"""
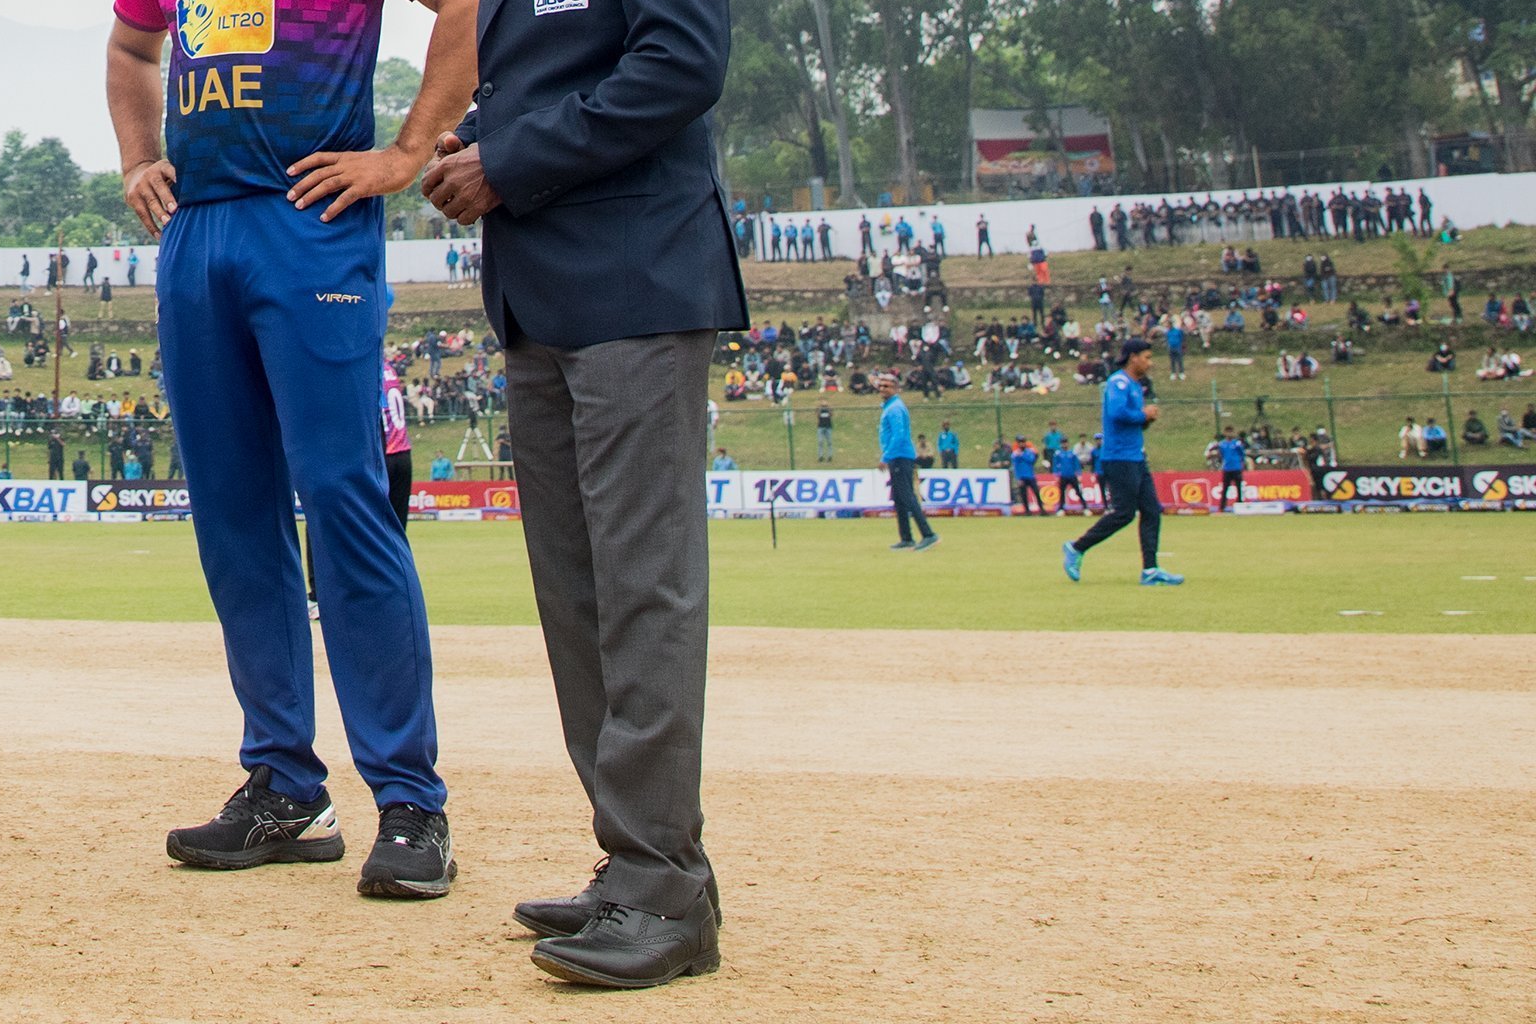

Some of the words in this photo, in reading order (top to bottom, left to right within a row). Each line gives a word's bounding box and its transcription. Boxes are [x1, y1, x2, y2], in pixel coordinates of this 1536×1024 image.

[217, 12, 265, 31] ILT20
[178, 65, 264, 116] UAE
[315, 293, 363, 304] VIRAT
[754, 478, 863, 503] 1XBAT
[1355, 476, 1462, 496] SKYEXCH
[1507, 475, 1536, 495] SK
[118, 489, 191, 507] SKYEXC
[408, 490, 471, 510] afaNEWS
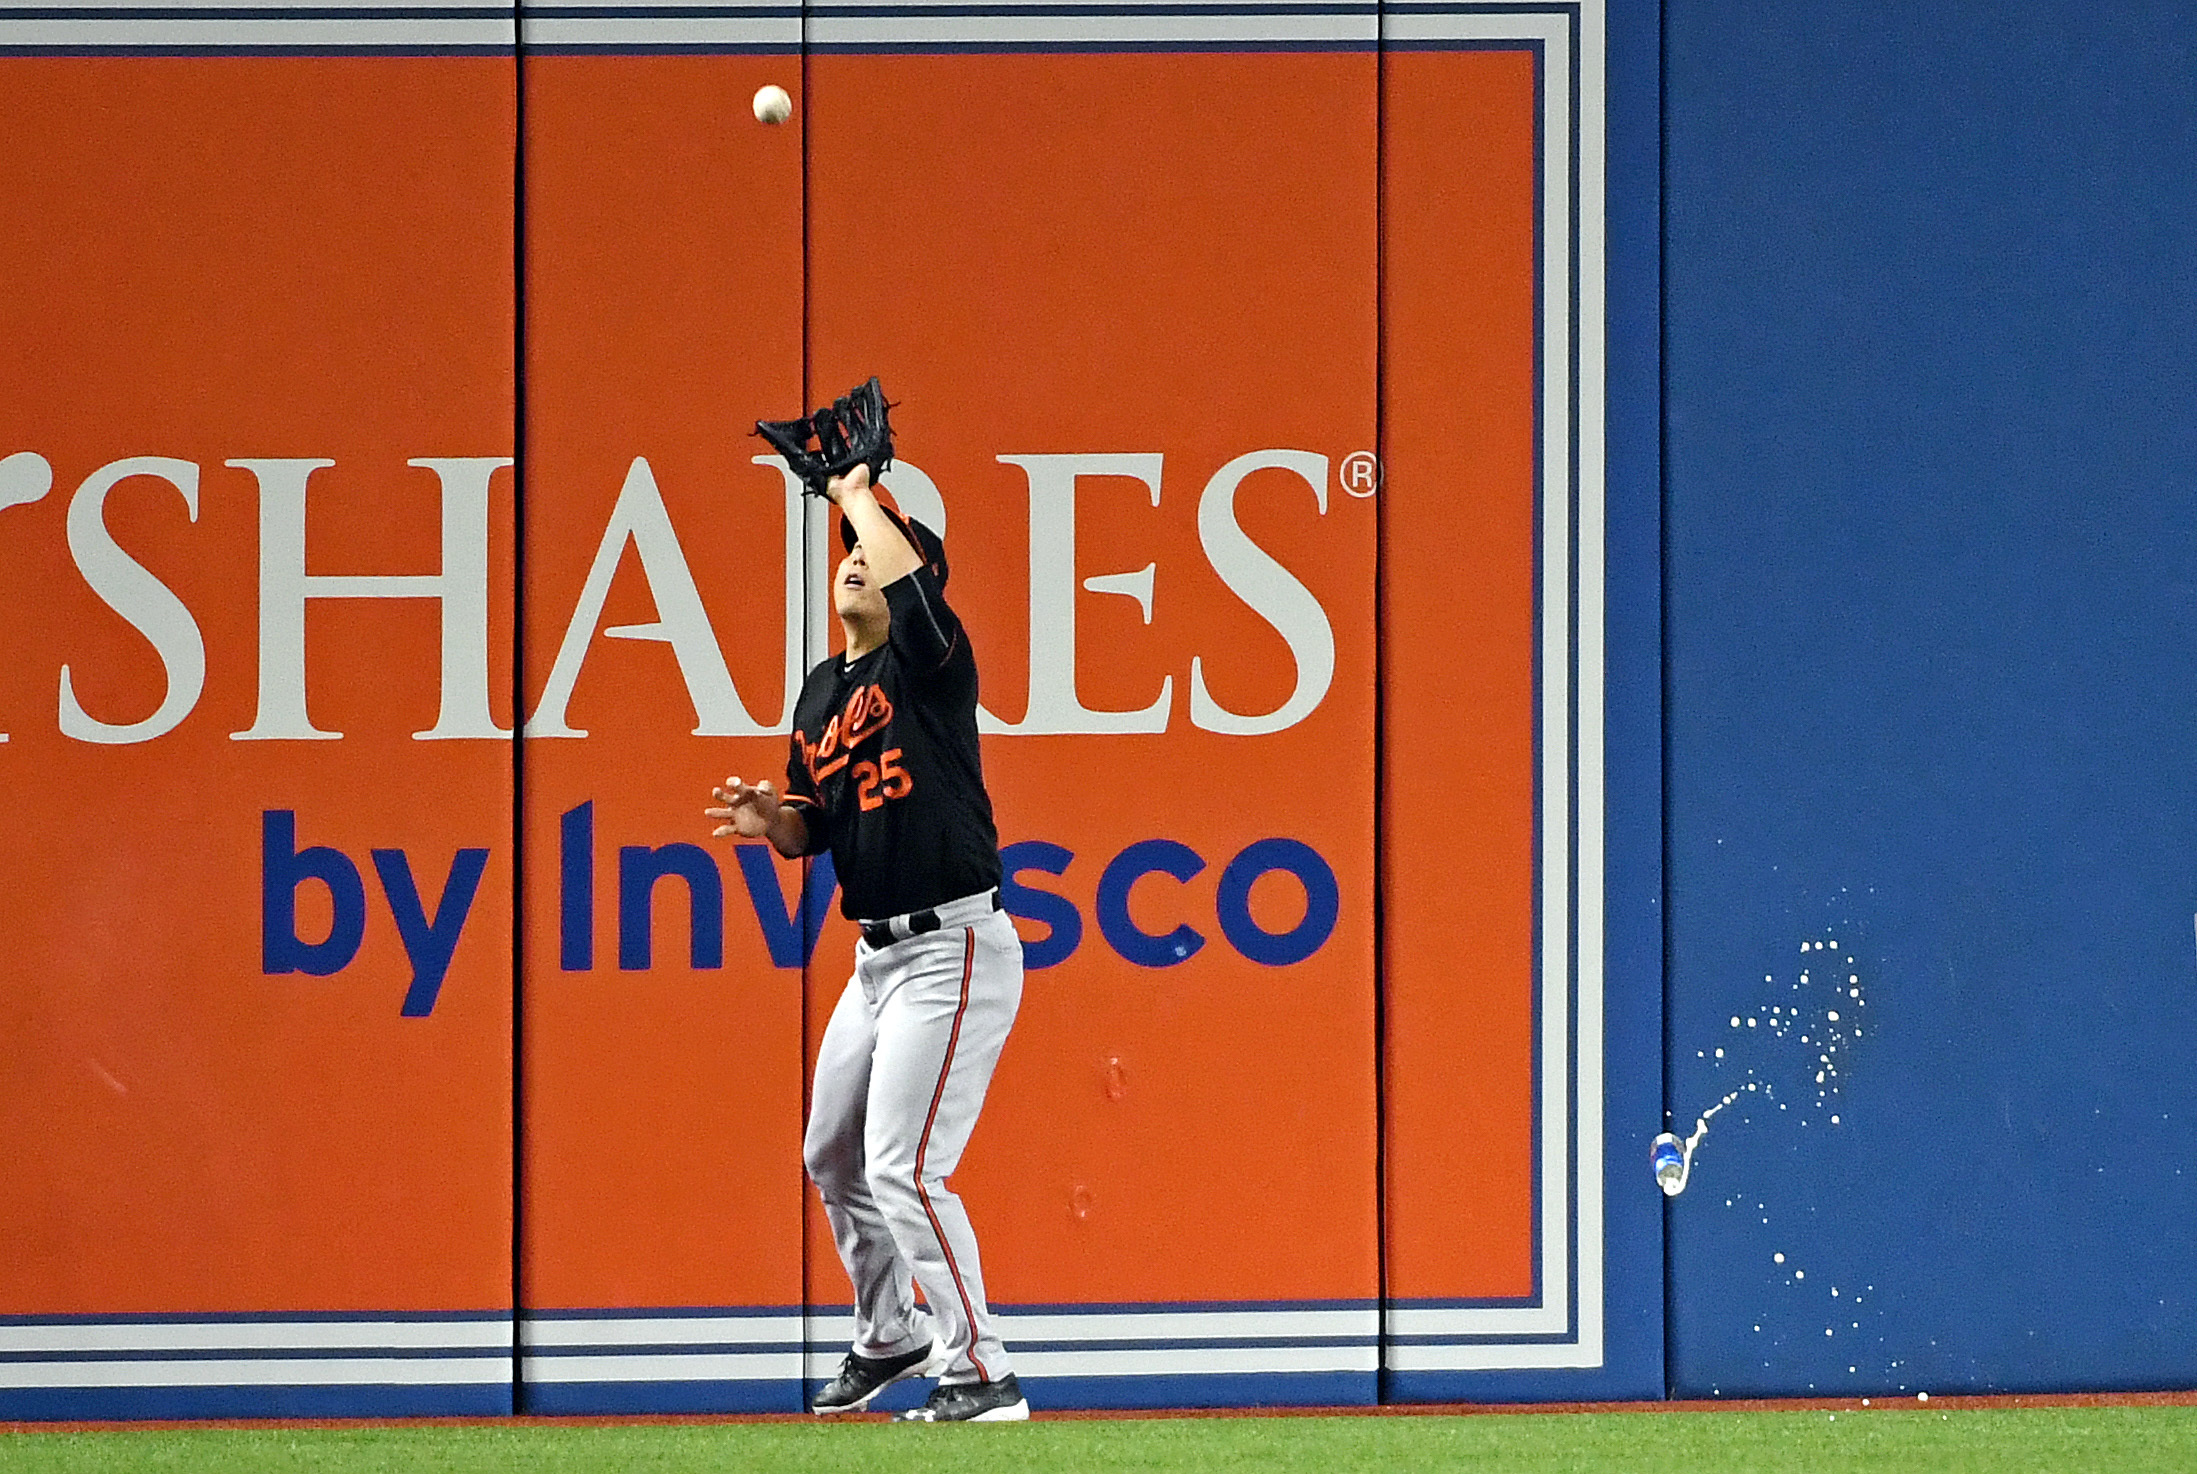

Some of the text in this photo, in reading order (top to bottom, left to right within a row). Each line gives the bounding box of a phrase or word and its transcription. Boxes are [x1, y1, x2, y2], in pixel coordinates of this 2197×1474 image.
"""
Exactly as written, print each entry, leaving all pictures out.

• EXPECTED ANSWER:
Some of the words in this photo, in reading order (top to bottom, left to right within a row). Each line gives a word's bounding box and its transcription. Boxes are [x1, y1, x2, y2], in pixel coordinates of this 1536×1024 image.

[217, 12, 265, 31] ILT20
[178, 65, 264, 116] UAE
[315, 293, 363, 304] VIRAT
[754, 478, 863, 503] 1XBAT
[1355, 476, 1462, 496] SKYEXCH
[1507, 475, 1536, 495] SK
[118, 489, 191, 507] SKYEXC
[408, 490, 471, 510] afaNEWS

Some of the text in this photo, in reading order (top to bottom, left to right within a row). Each line gives the bounding box of a phrase or word and its transcription. Boxes are [x1, y1, x2, y2], in pixel coordinates of this 2197×1474 image.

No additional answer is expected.